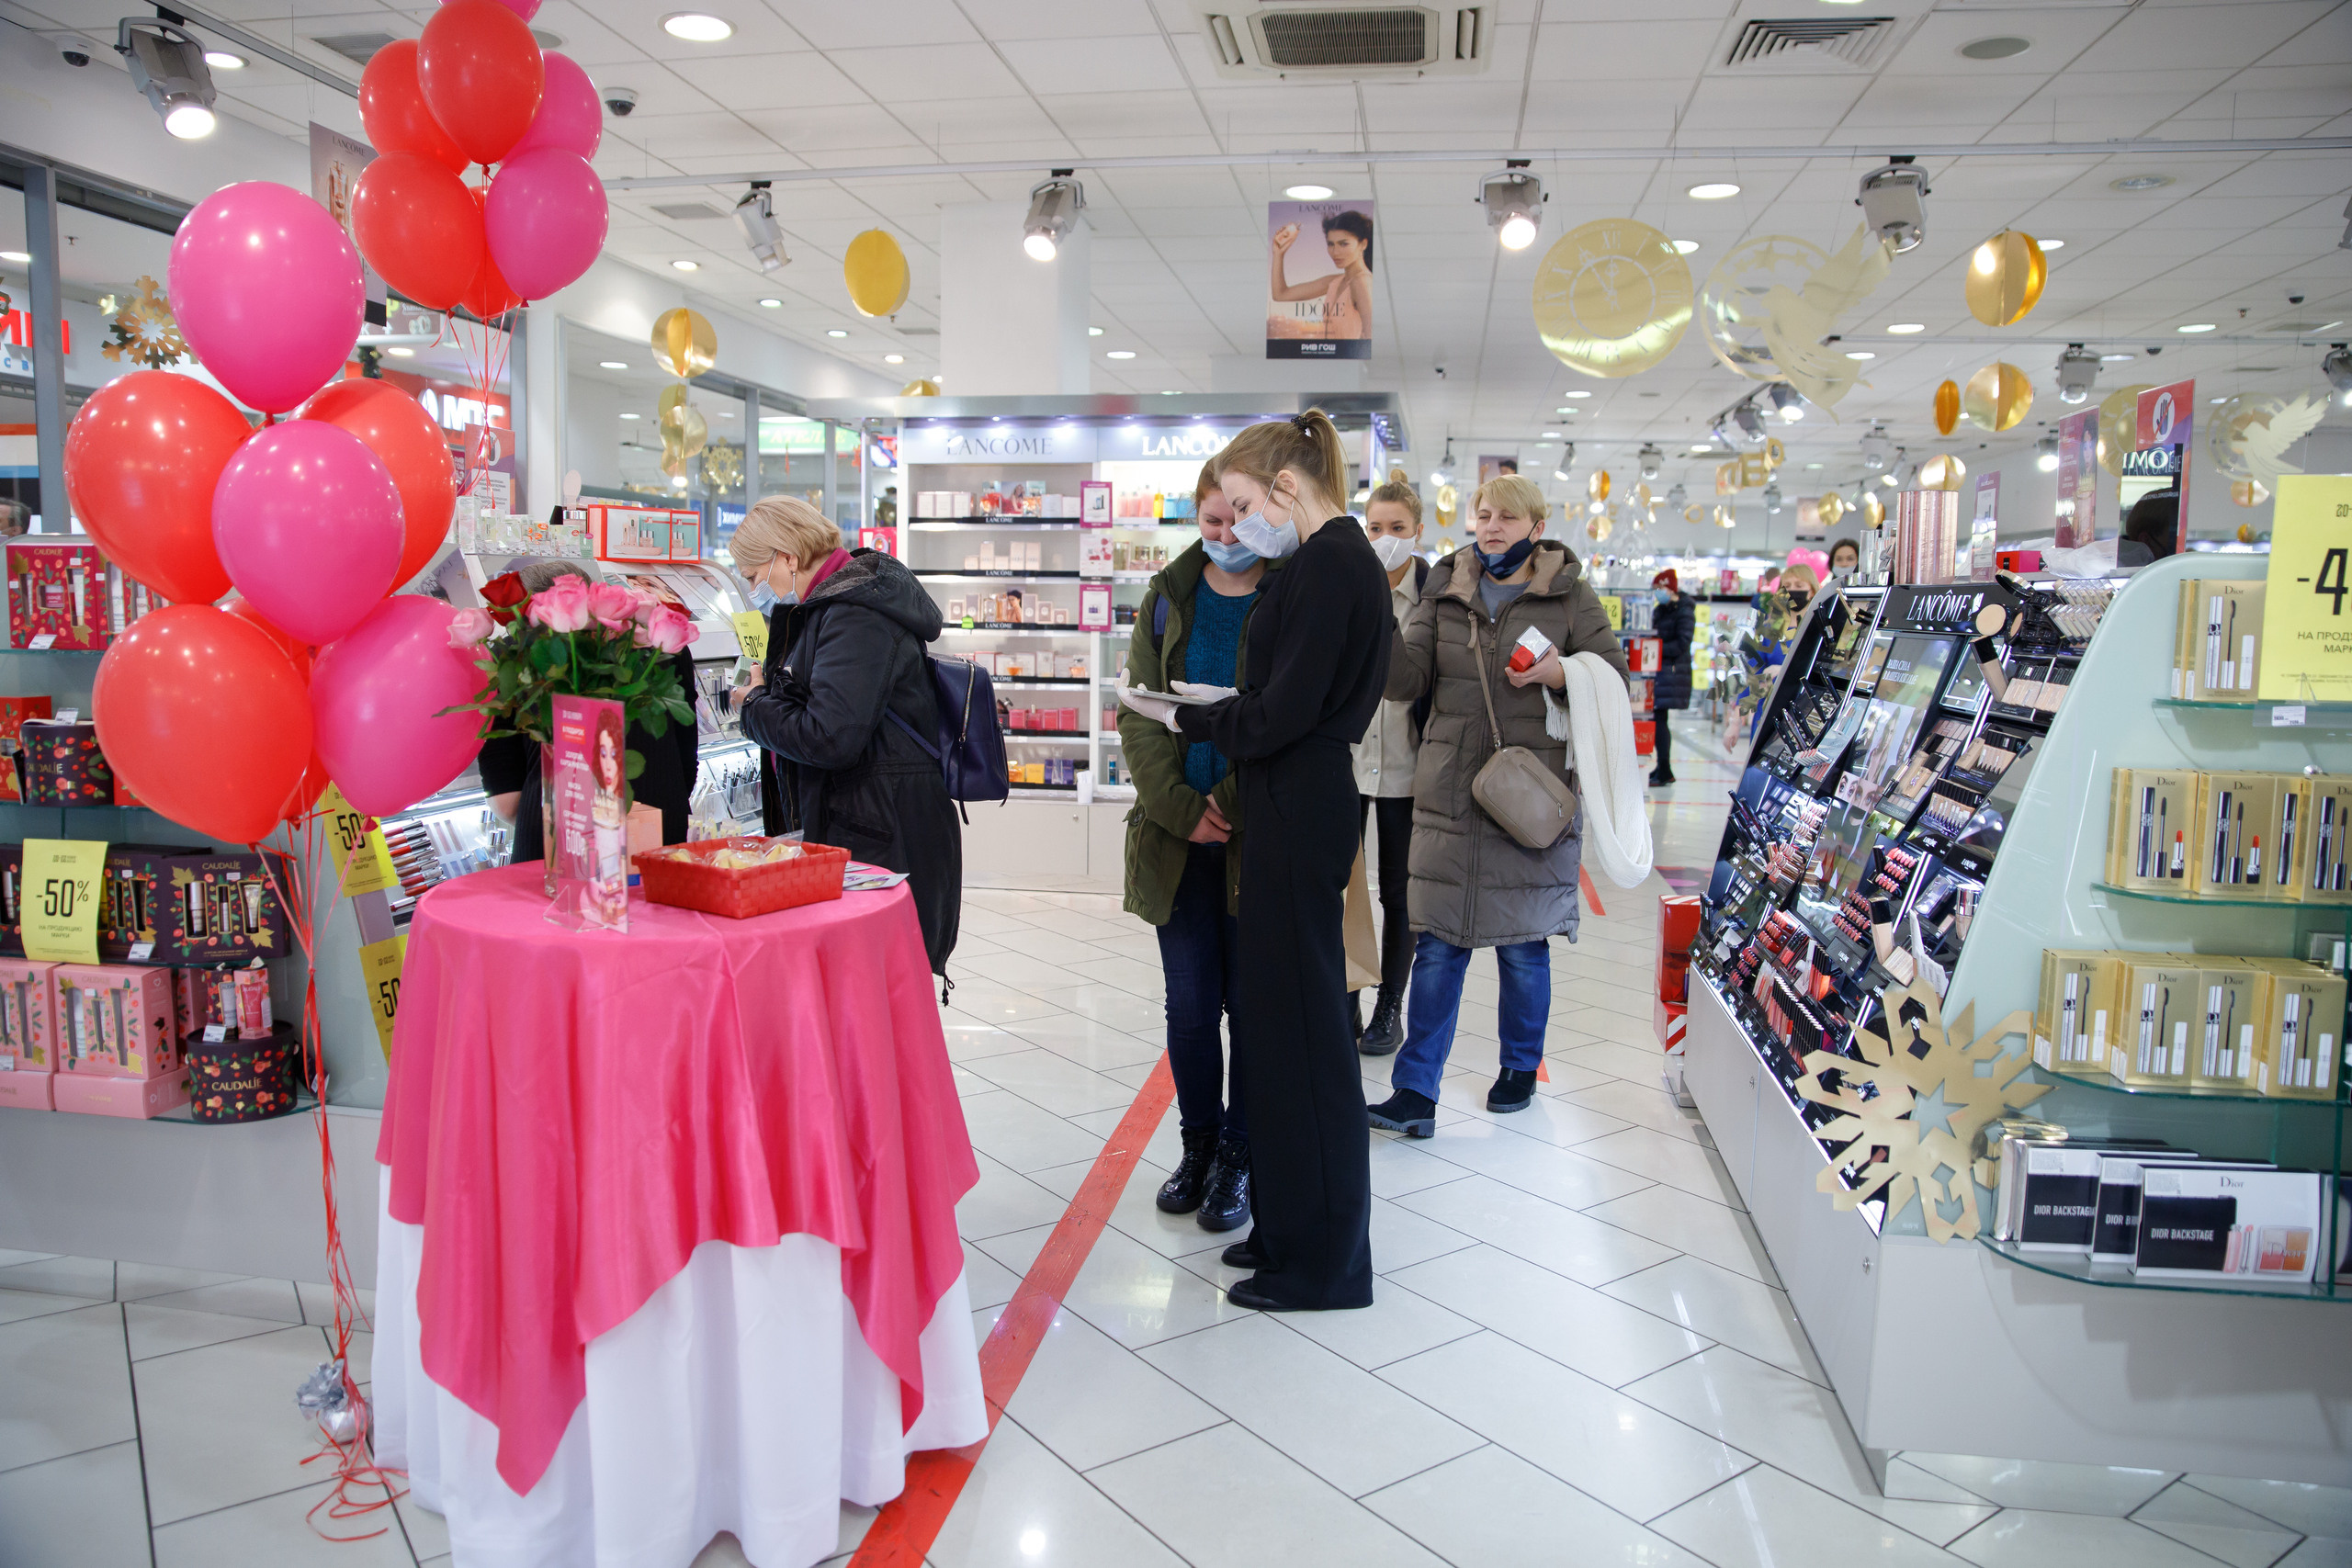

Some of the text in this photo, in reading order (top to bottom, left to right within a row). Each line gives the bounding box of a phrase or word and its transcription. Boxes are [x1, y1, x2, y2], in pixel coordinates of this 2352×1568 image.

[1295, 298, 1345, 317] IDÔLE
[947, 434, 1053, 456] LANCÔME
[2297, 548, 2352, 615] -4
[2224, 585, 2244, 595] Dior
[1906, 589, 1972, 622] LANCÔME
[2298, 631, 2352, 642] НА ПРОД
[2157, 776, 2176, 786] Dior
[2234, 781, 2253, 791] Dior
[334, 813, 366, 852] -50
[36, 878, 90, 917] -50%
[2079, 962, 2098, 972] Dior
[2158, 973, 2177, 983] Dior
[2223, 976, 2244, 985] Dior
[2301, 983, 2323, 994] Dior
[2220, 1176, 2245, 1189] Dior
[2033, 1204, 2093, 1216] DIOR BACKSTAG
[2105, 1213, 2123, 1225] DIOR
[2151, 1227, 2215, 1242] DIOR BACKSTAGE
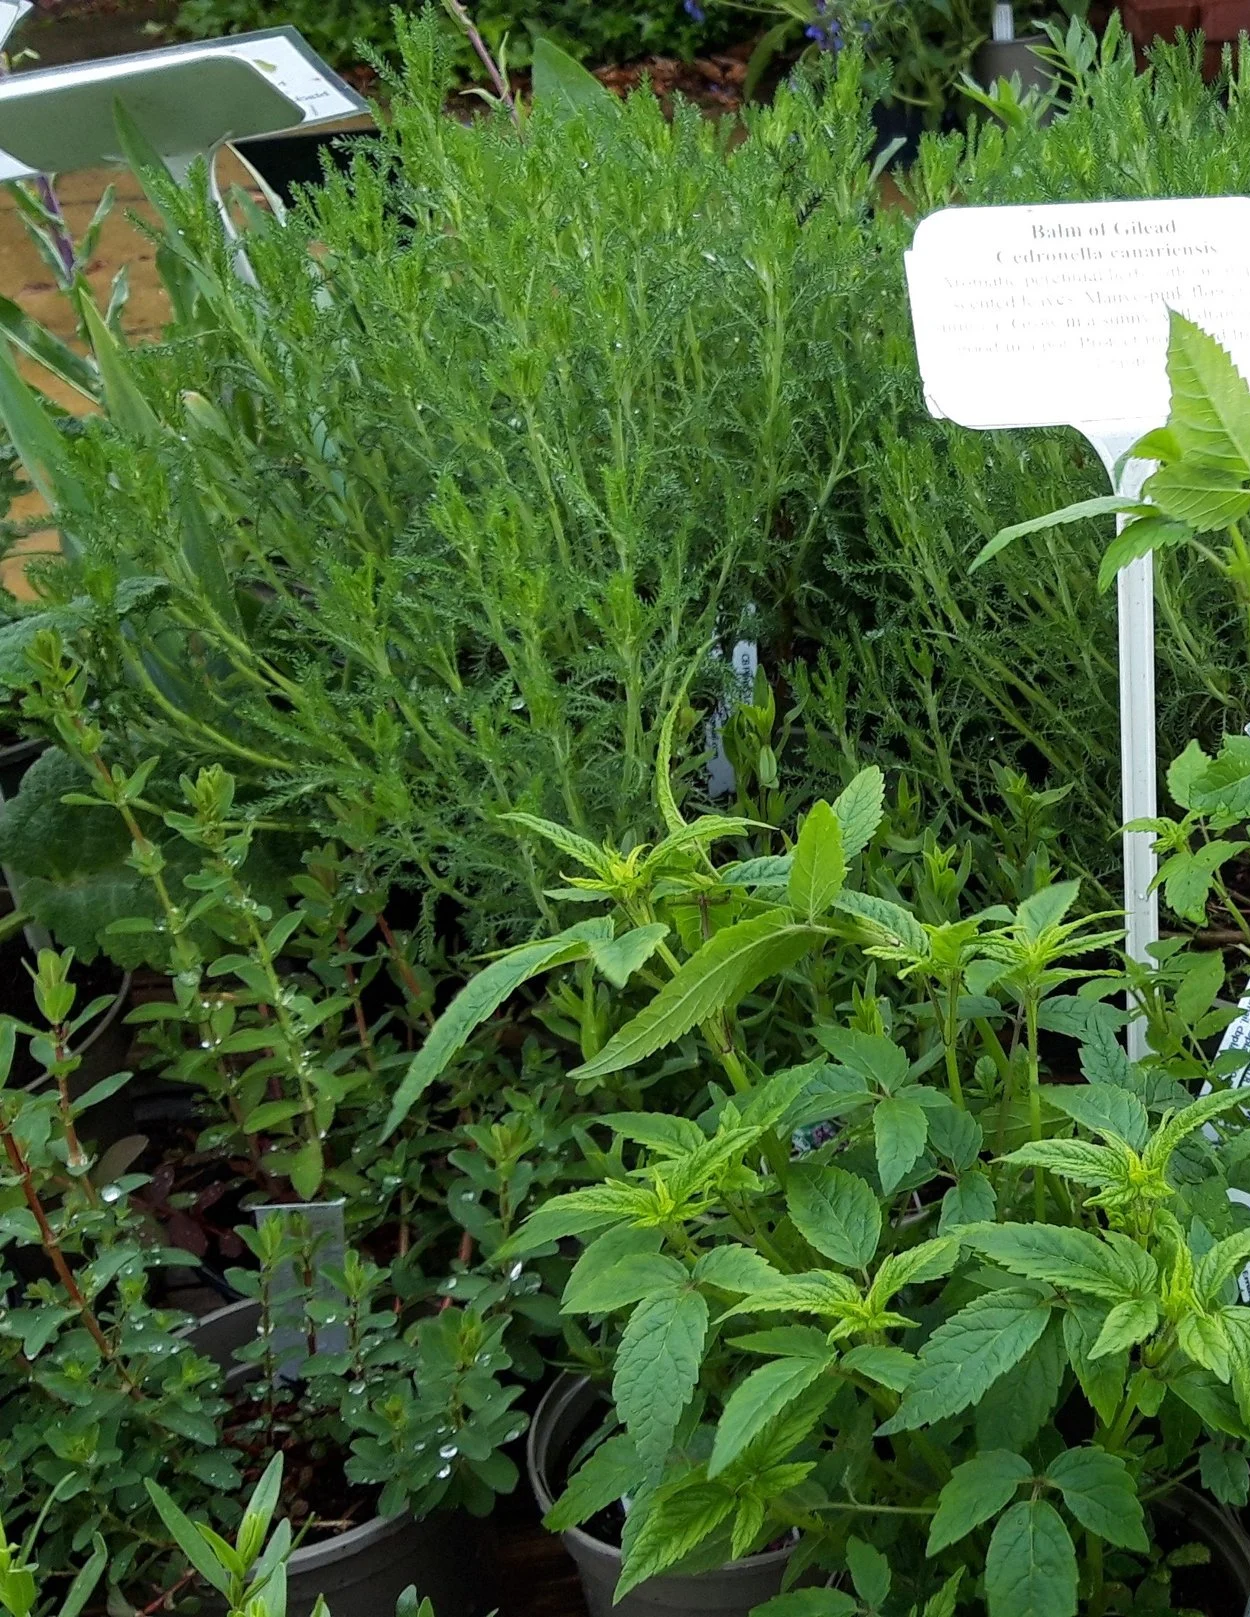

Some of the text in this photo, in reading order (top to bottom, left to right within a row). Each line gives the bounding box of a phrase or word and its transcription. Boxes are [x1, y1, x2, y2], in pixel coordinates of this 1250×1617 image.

§ The task: Aside from the pictures, repeat the listing exactly.

§ Exercise response:
Some of the text in this photo, in reading order (top to bottom, left to right within a row). Each line gives the bounding box of a phrase or word and its transcription. Boxes are [x1, y1, x2, y2], in pixel coordinates of this 2352×1568 image.

[1295, 298, 1345, 317] IDÔLE
[947, 434, 1053, 456] LANCÔME
[2297, 548, 2352, 615] -4
[2224, 585, 2244, 595] Dior
[1906, 589, 1972, 622] LANCÔME
[2298, 631, 2352, 642] НА ПРОД
[2157, 776, 2176, 786] Dior
[2234, 781, 2253, 791] Dior
[334, 813, 366, 852] -50
[36, 878, 90, 917] -50%
[2079, 962, 2098, 972] Dior
[2158, 973, 2177, 983] Dior
[2223, 976, 2244, 985] Dior
[2301, 983, 2323, 994] Dior
[2220, 1176, 2245, 1189] Dior
[2033, 1204, 2093, 1216] DIOR BACKSTAG
[2105, 1213, 2123, 1225] DIOR
[2151, 1227, 2215, 1242] DIOR BACKSTAGE

Some of the text in this photo, in reading order (top to bottom, left to right within a row). Each line gives the bounding box of a phrase or word and its transcription. Boxes are [x1, y1, x2, y2], in pixel coordinates of this 1250×1617 image.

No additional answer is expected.